EXERCISE GOAL: Verbatim copy without images: return all of the data as it stands.

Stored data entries

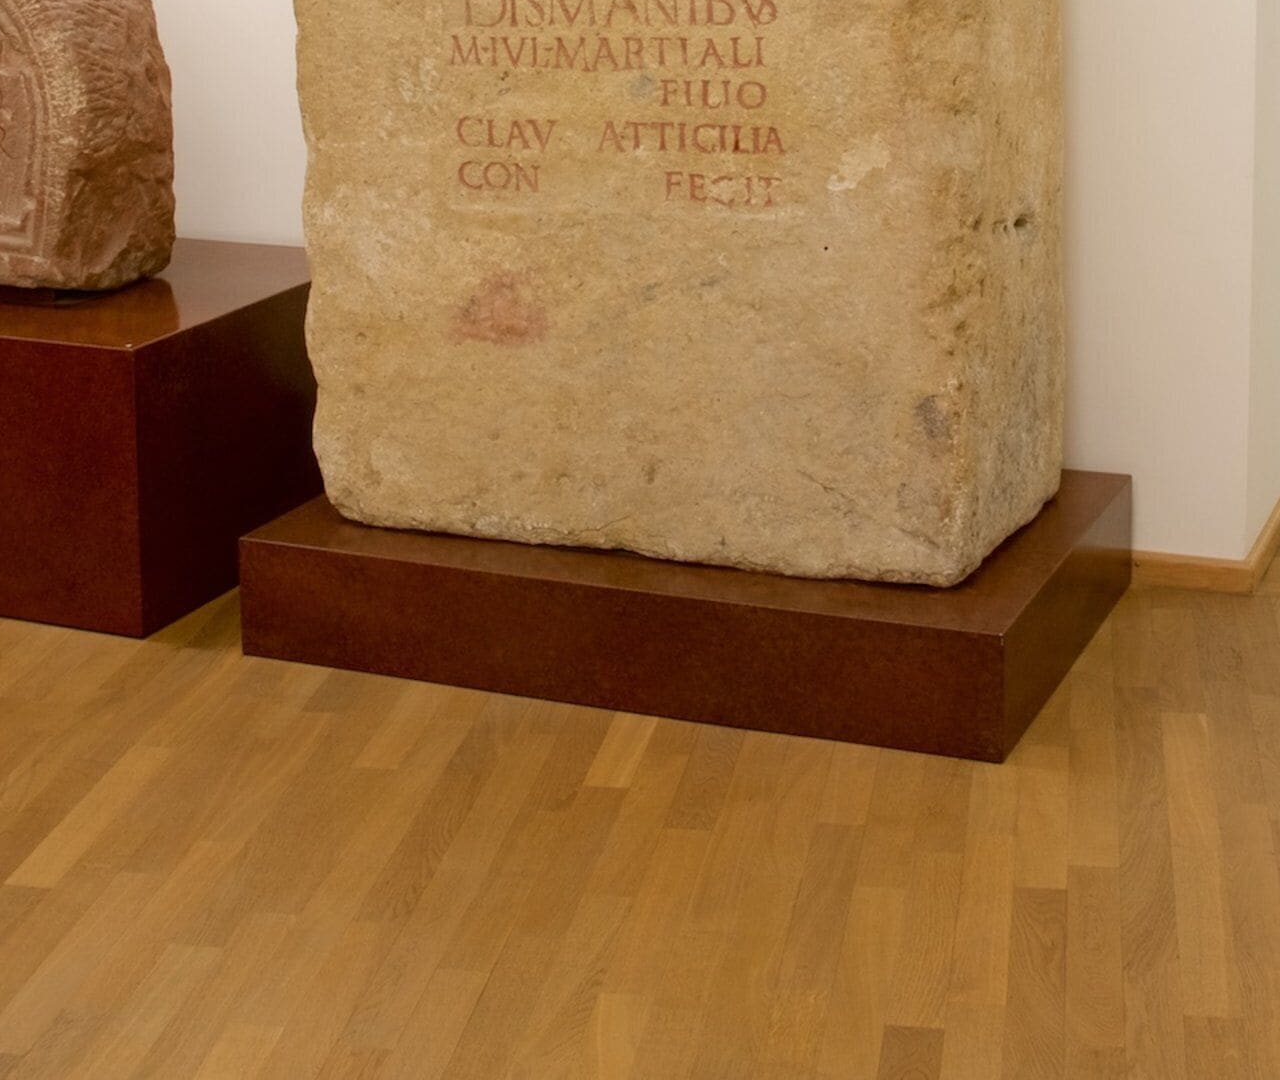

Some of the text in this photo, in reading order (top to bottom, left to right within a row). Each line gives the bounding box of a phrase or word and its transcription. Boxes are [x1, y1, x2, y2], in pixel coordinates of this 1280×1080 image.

[657, 78, 769, 111] FILIO
[455, 116, 556, 151] CLAV
[457, 159, 543, 194] CON
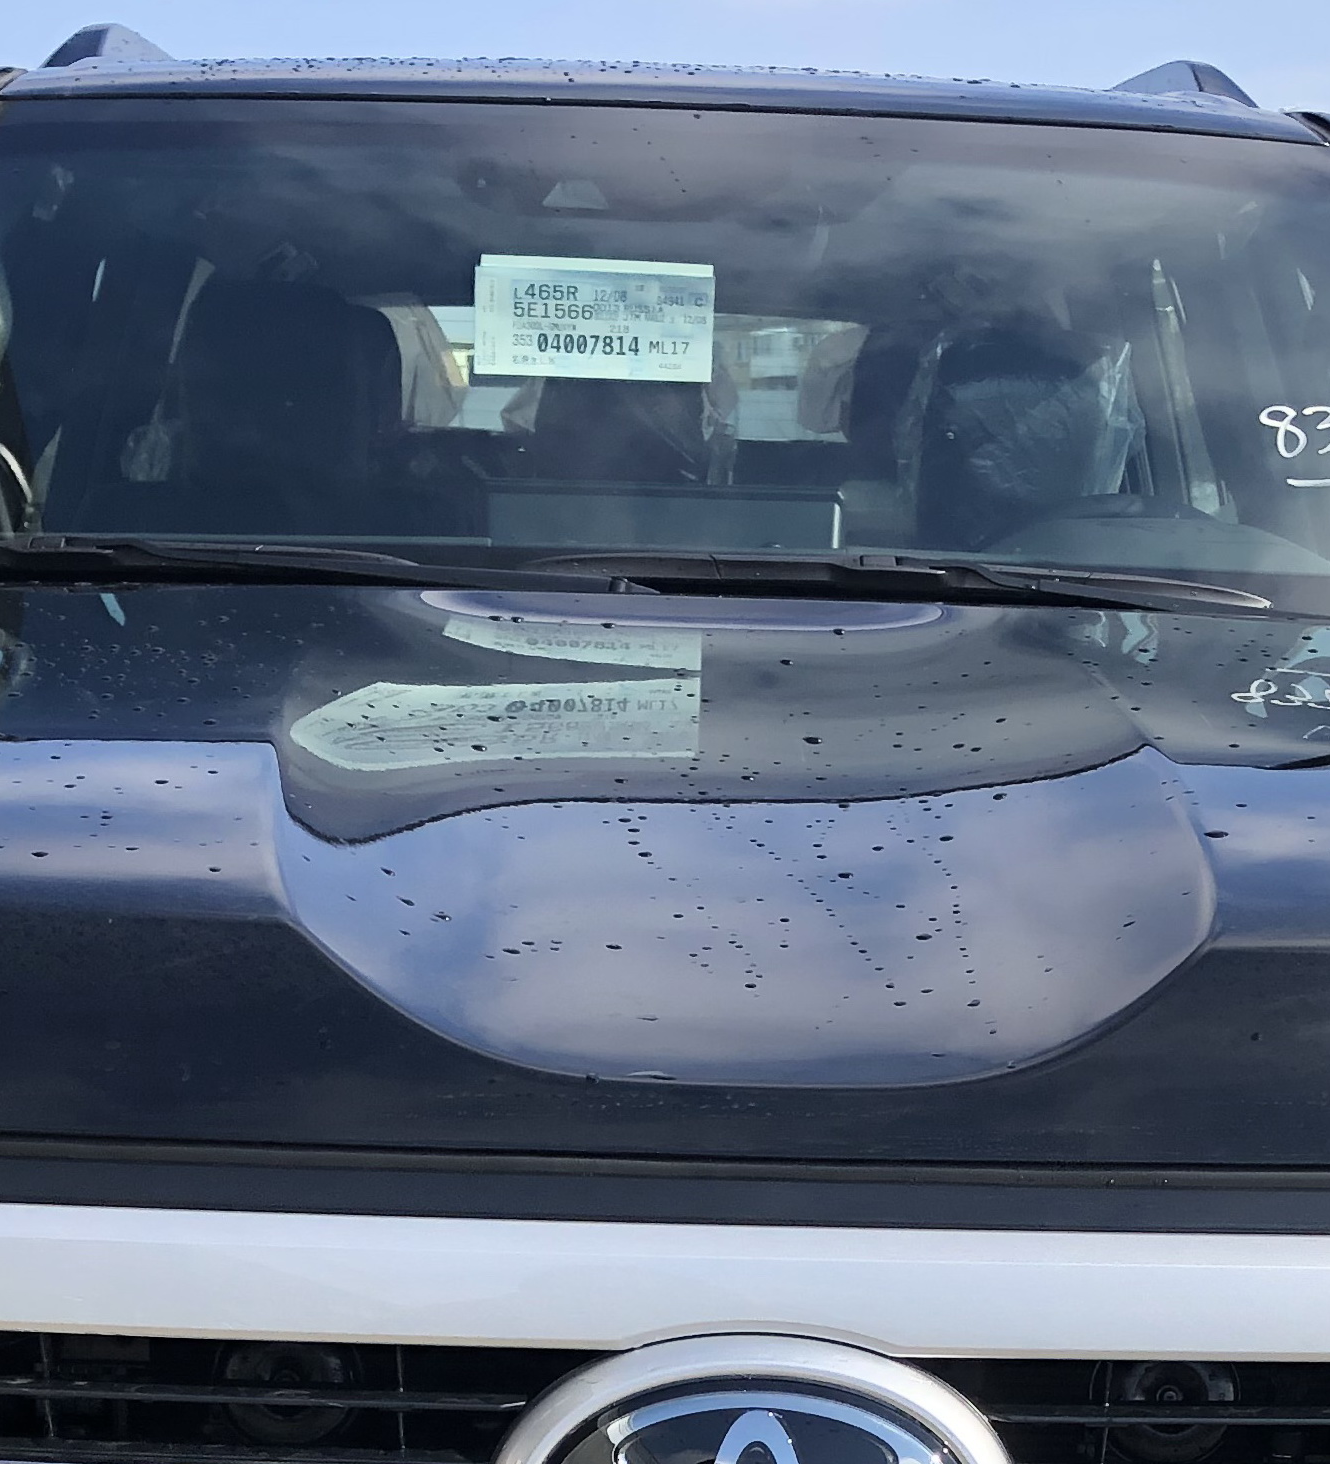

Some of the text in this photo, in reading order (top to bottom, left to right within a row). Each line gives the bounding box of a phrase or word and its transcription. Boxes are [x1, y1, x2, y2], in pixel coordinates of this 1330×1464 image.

WRITTEN ANSWER:
Some of the text in this photo, in reading order (top to bottom, left to right within a row). Each line gives the bounding box of a phrase or word and its transcription. Boxes are [x1, y1, x2, y2], in pixel coordinates of this 1280×1080 image.

[657, 78, 769, 111] FILIO
[455, 116, 556, 151] CLAV
[457, 159, 543, 194] CON

Some of the text in this photo, in reading order (top to bottom, left to right within a row). Each line gives the bounding box of a phrase or word and its transcription. Boxes are [x1, y1, x2, y2], in pixel coordinates of this 1330×1464 image.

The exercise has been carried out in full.